[What is needed] Transcribe, exactly and in full, every record shown below, while omitting its images.

● ● ●

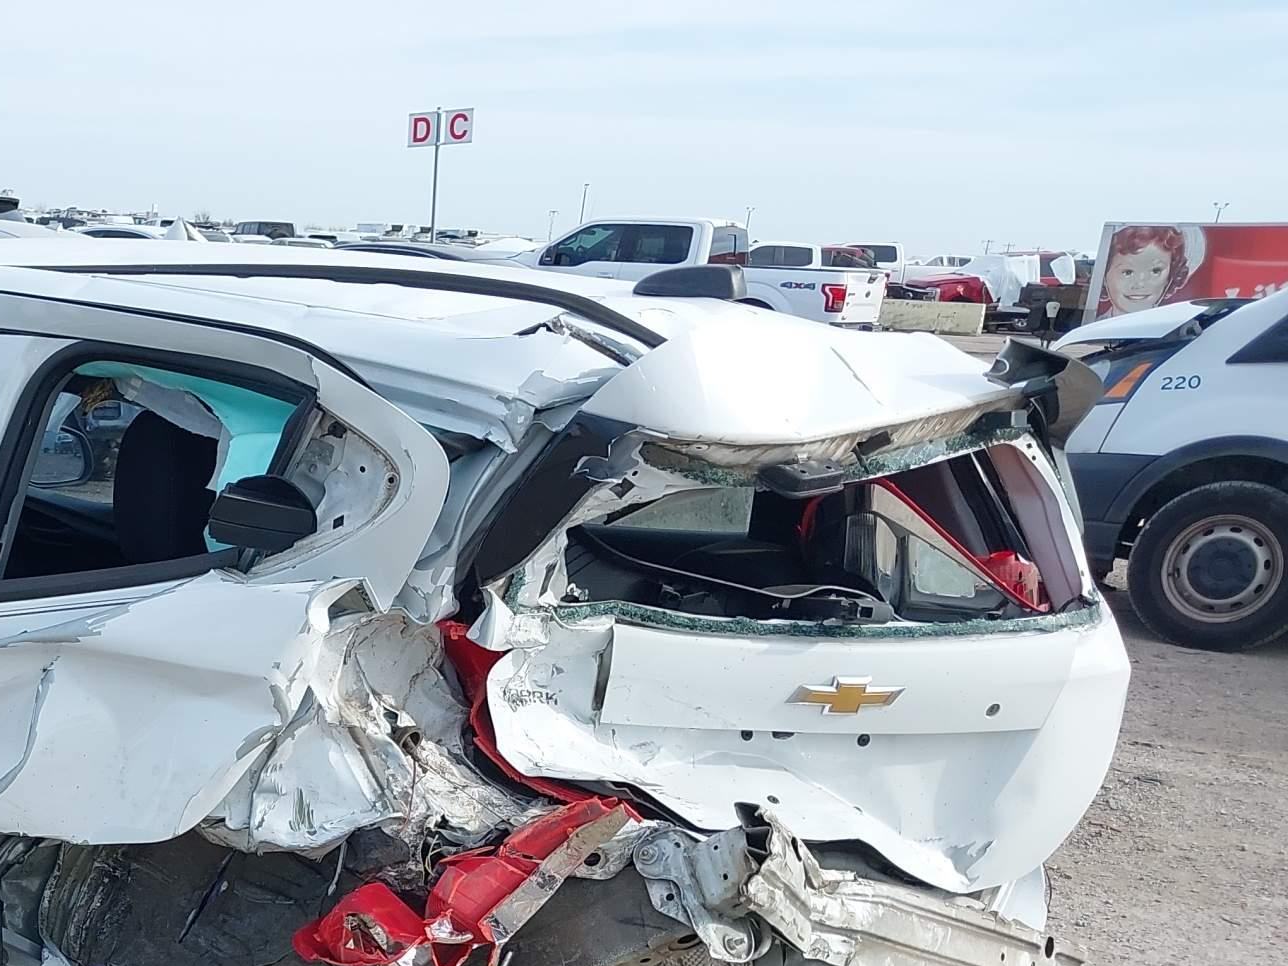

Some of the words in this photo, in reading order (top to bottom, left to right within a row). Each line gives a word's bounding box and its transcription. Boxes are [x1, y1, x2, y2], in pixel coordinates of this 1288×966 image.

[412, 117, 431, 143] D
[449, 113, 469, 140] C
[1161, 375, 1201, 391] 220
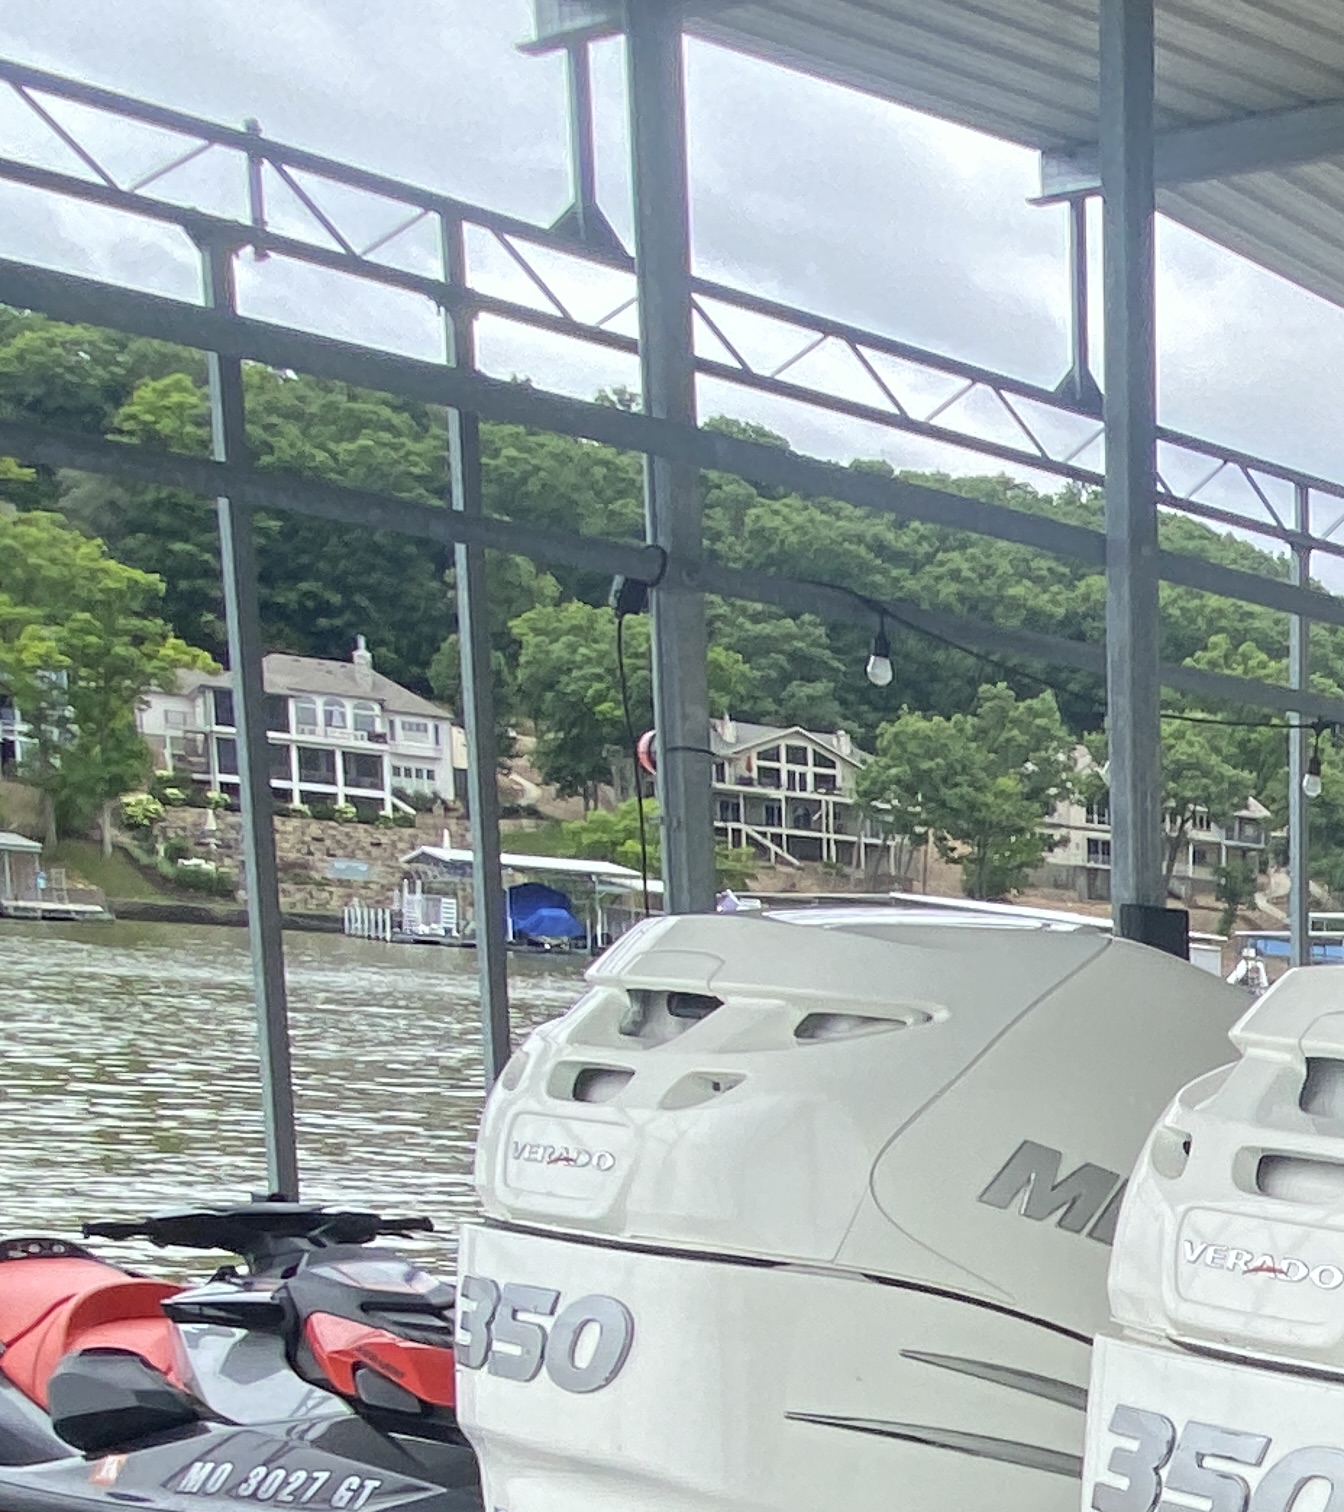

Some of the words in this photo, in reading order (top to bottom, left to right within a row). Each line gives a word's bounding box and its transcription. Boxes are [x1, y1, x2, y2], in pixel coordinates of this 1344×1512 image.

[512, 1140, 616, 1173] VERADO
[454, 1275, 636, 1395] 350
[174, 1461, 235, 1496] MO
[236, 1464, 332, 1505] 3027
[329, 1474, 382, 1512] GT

● ● ●

[Your solution]
Some of the words in this photo, in reading order (top to bottom, left to right within a row). Each line gives a word's bounding box and its transcription. Boxes are [x1, y1, x2, y2], in pixel coordinates of this 1288×966 image.

[412, 117, 431, 143] D
[449, 113, 469, 140] C
[1161, 375, 1201, 391] 220

Some of the words in this photo, in reading order (top to bottom, left to right within a row). Each line gives a word's bounding box and its transcription. Boxes are [x1, y1, x2, y2], in pixel coordinates of this 1344×1512 image.

[512, 1140, 616, 1173] VERADO
[454, 1275, 636, 1395] 350
[174, 1461, 235, 1496] MO
[236, 1464, 332, 1505] 3027
[329, 1474, 382, 1512] GT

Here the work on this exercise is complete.